Ding! Ding! Ding! Hi Grandma, it's Maddie!

It started on Christmas day, around noon.  My iPhone made a ding, then another, followed in a nano-second by a third ding.  What’s going on, I wondered. Then I looked at my phone screen

“🎅🎅🎅🎅🎅🎅🎅🎅🎅🎅🎅 “Guess what, Grandma?  I got an iPod Touch for Christmas!!!!!!!! I can text and I’m going to FaceTime you too!!!!!!!! Get ready!!!!!!!!❤️❤️❤️❤️❤️😳❤️❤️❤️❤️❤️❤️❤️❤️❤️”  The message came from my nine-year-old granddaughter Maddie in New Hampshire.

Suddenly, the FaceTime icon lit up. There on the phone screen was Maddie, grinning like a Cheshire cat. “I can play games AND watch movies AND look up Shopkins AND I can FaceTime with you, Grandma!!!” she said. “But it’s not a phone, so we’ll just text, okay?”

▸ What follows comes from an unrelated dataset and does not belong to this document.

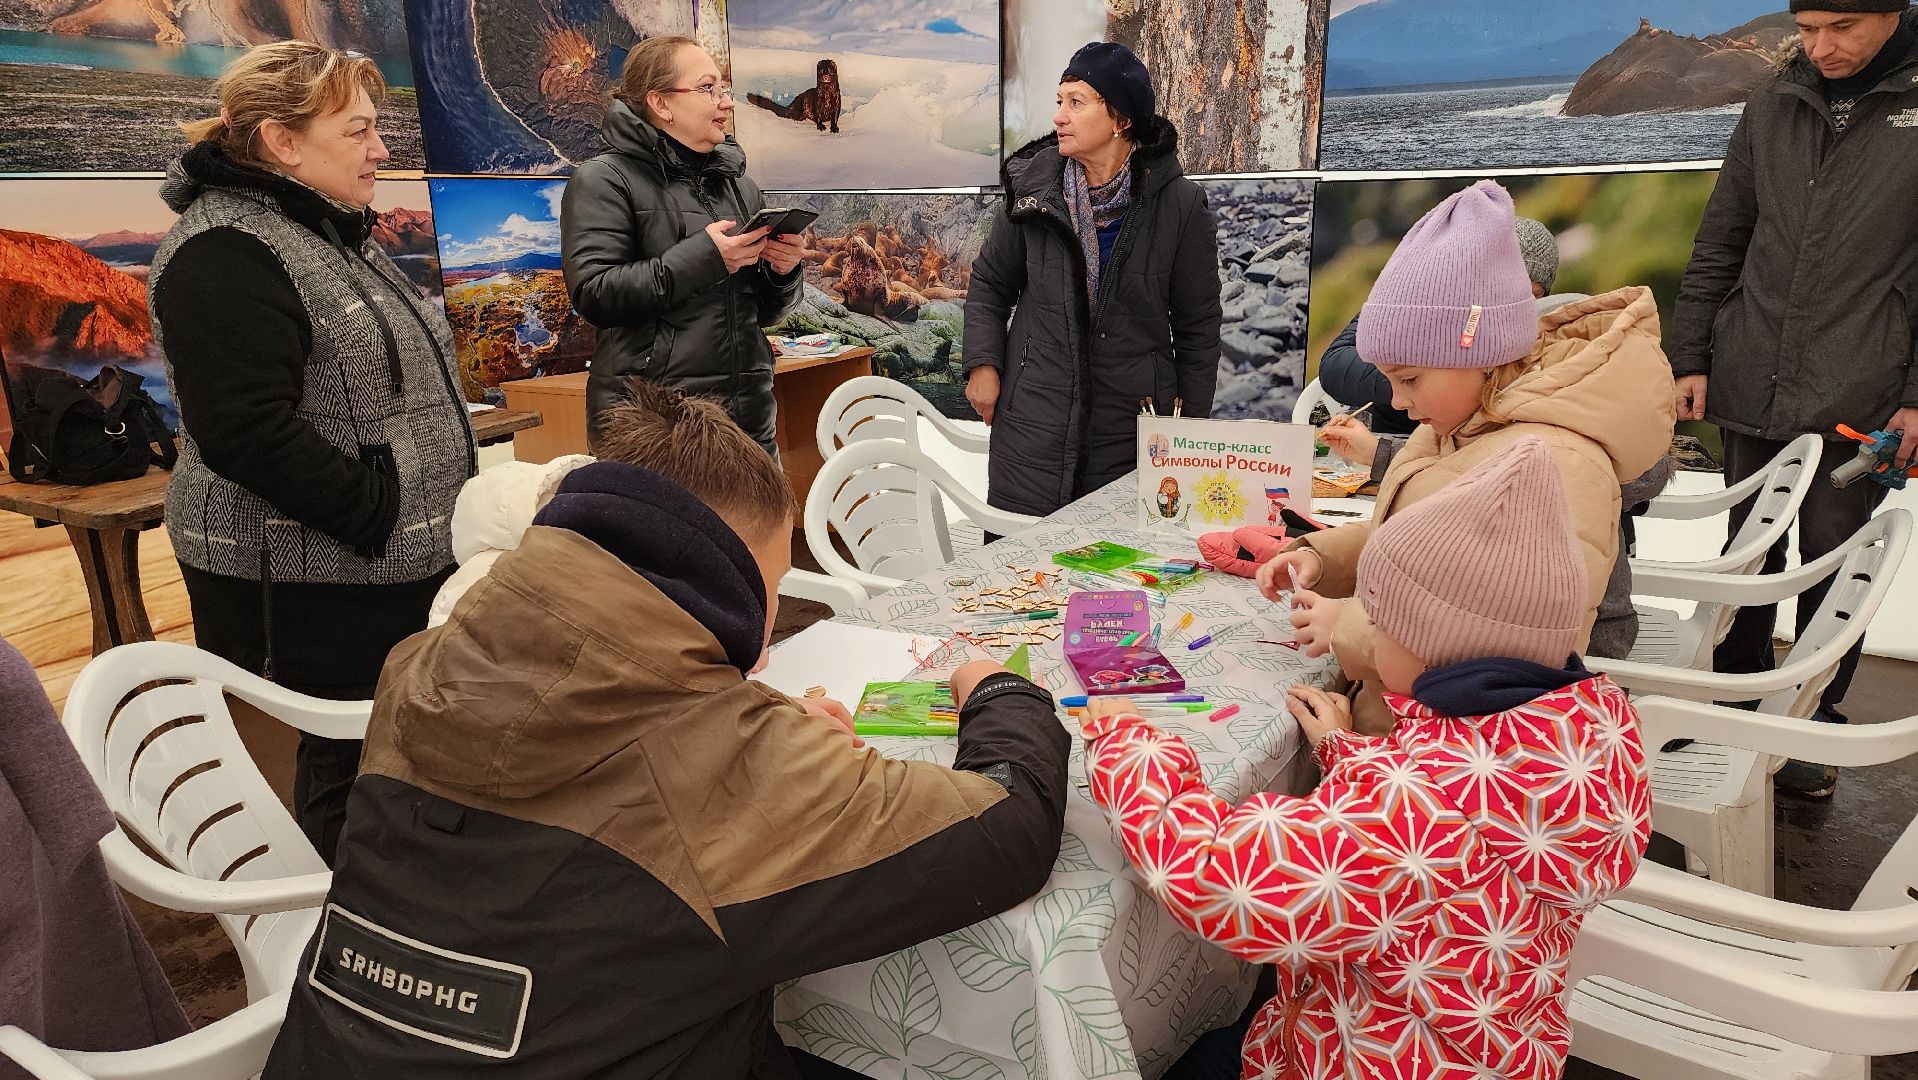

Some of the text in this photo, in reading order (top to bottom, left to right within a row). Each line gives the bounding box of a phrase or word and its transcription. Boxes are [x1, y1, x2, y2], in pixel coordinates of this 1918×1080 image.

[1173, 436, 1272, 454] Мастер-класс
[1151, 454, 1292, 478] Символы России
[339, 947, 479, 1014] SRHBDPHG
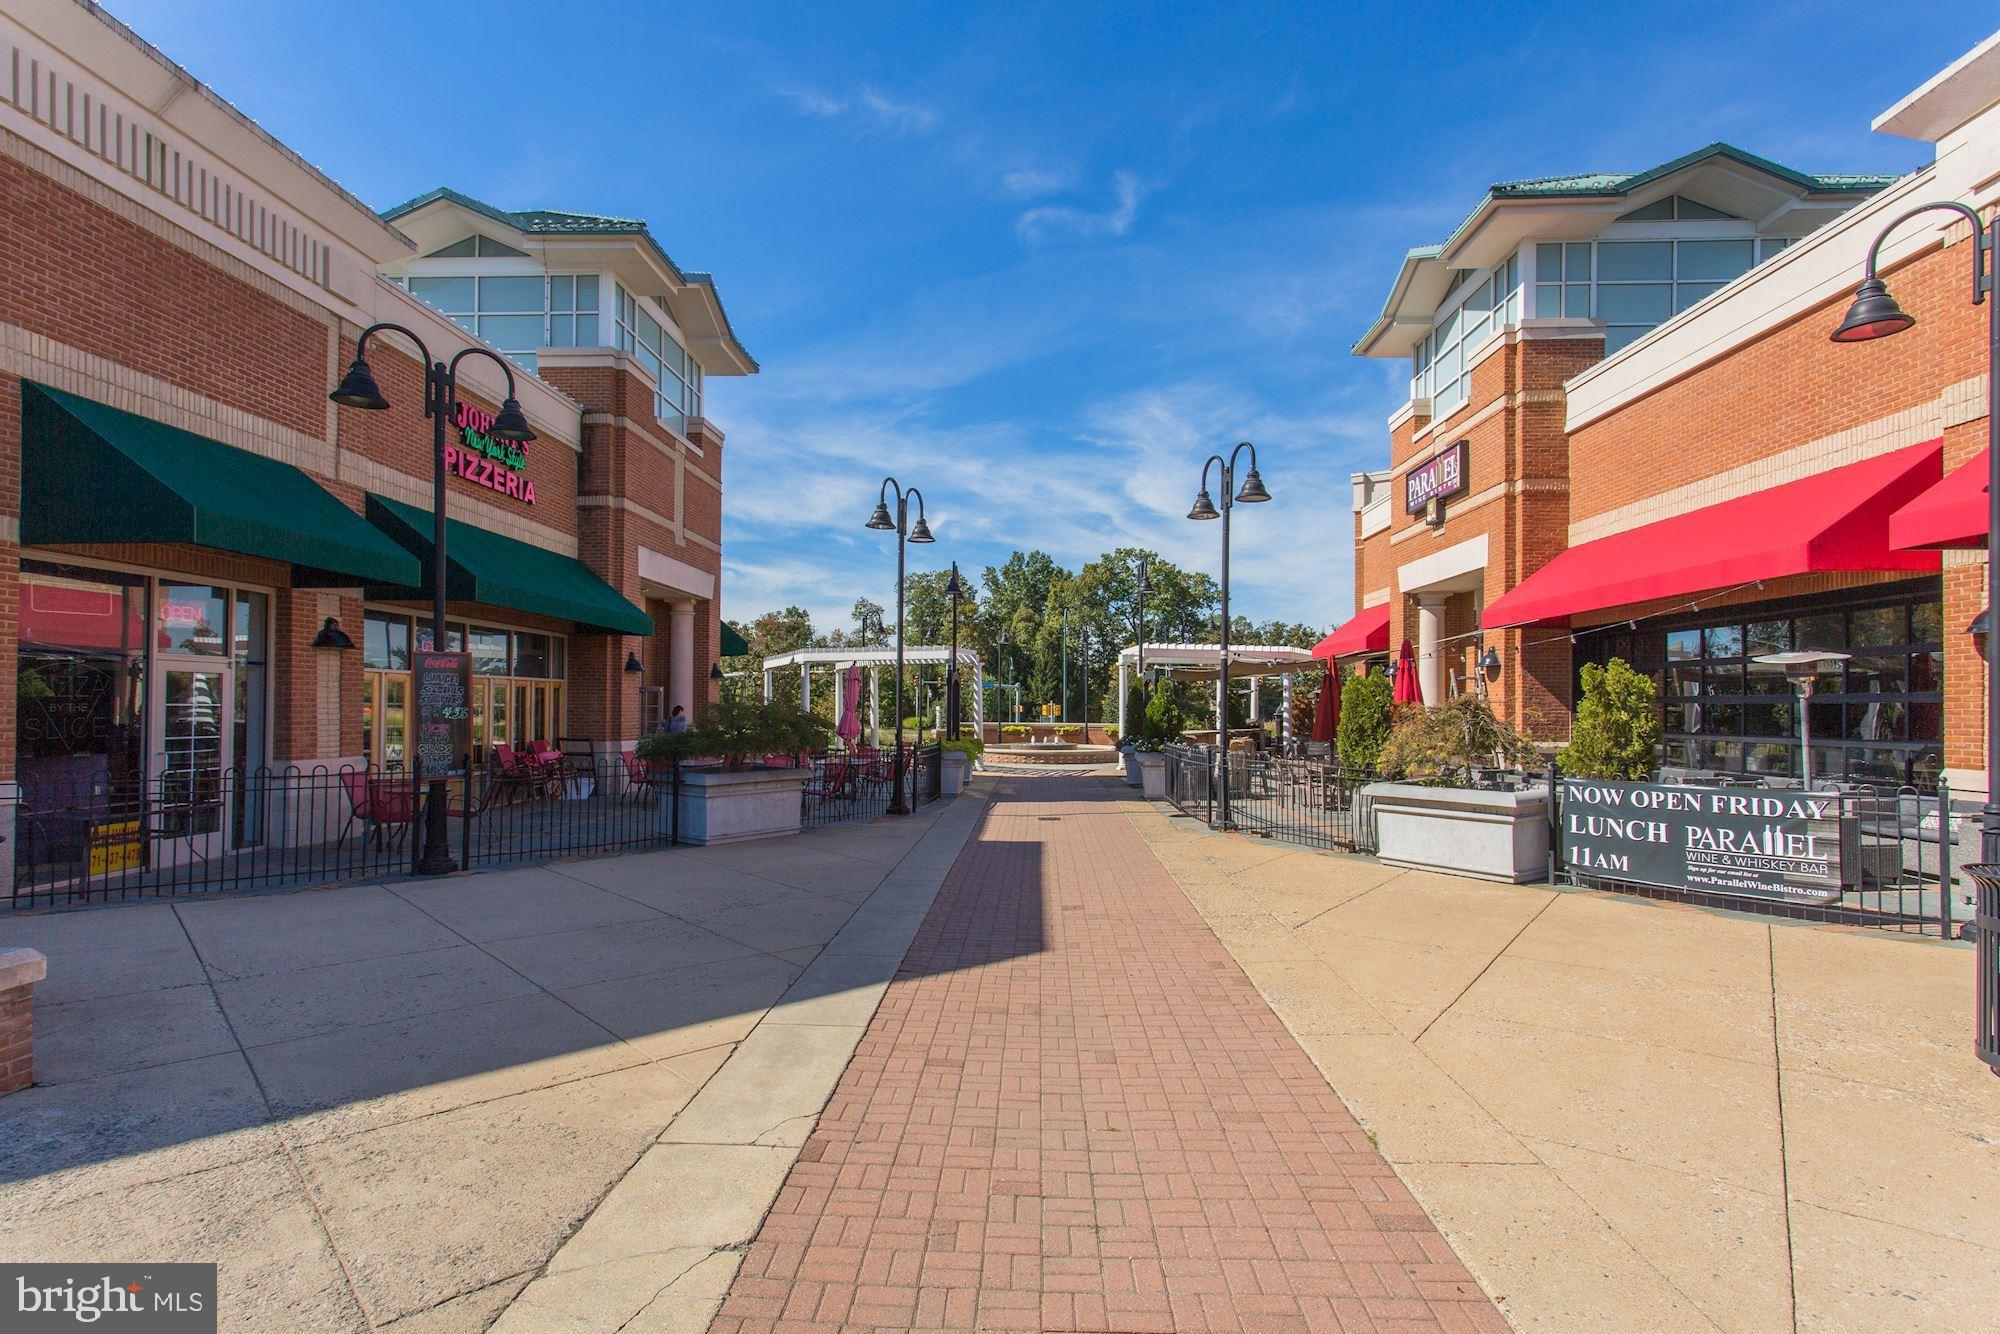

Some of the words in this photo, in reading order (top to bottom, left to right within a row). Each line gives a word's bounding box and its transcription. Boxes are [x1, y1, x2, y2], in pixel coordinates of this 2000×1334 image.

She wasn’t kidding. Over the next week my phone dinged like a bell buoy in a pea soup fog. “☀️☀️☀️☀️☀️☀️☀️☀️☀️☀️☀️☀️☀️ Morning, Grandma!!!!!!,” and “💘💘💘💘💘💘💘💘💘💘I love you, Grandma!!!!!!!!”  and “Nitey nite, Grandma!!!!!!!!! 👩👩❤️👩👩❤️👩👩❤️👩👩❤️👩👩❤️👩 (She’s big on exclamation points.)

She’s also big on emoji, a Japanese word that appears totally unpronounceable but Google educated me on how to say it:  e-mo-gee. A recent study indicated that 40% of fifth graders text regularly and the majority of them use emoji. Maddie, apparently, has a motherload of those little ideograms and smileys.

To wit: on Saturday she texted, “Going to my 🏀🏀🏀🏀🏀🏀🏀 game!!!!!!!!!”  Two days later, “I hope it gets cold so Max and I can 🎿🎿🎿🎿🎿🎿🎿!!!!!!!!!”  Next afternoon, “My cousin Marisa is coming over to spend the night and we are going build ⛄️⛄️⛄️⛄️⛄️⛄️⛄️ before we 💤💤💤💤💤💤!!!!!!!!!!!!!”

I’m actually enjoying the variety of emoji and tickled that my granddaughter wants to keep in touch. Communication and letter writing have always been important in my life. I appreciate receiving a hand-written letter, knowing the time and effort it took the sender. I really like it when I recognize familiar handwriting! I also keep a little treasure chest filled with letters from my parents and children that I cannot throw away. 

Growing up, I still remember sitting at our round wooden kitchen table, writing a note to my grandmother on lilac-tinted paper because purple was her favorite color. (I also know that, had I not thanked Grandma for my Christmas gift, I wouldn’t have been let out of my bedroom until mid-March. My mother was a stickler!)

Which is probably why my kids wrote their grandparents too, and apparently my mother appreciated that because she saved many of their notes. I recently discovered one my daughter sent my mother and dad after Christmas, probably 35 years ago. The note is written on Raggedy Ann doll stationary and reads, “Dear MomMom and PopPop, I reely luv my doll carriage, my tee set and my Hess firetruck.” (Hess firetruck? No wonder her younger brother spent Christmas morning in tears.)

So Maddie and I text. And that’s great. It may not be the communication I was raised with, but it’s communication none-the-less. 😀😀😀😀😀😀 Ding!!!!!!!!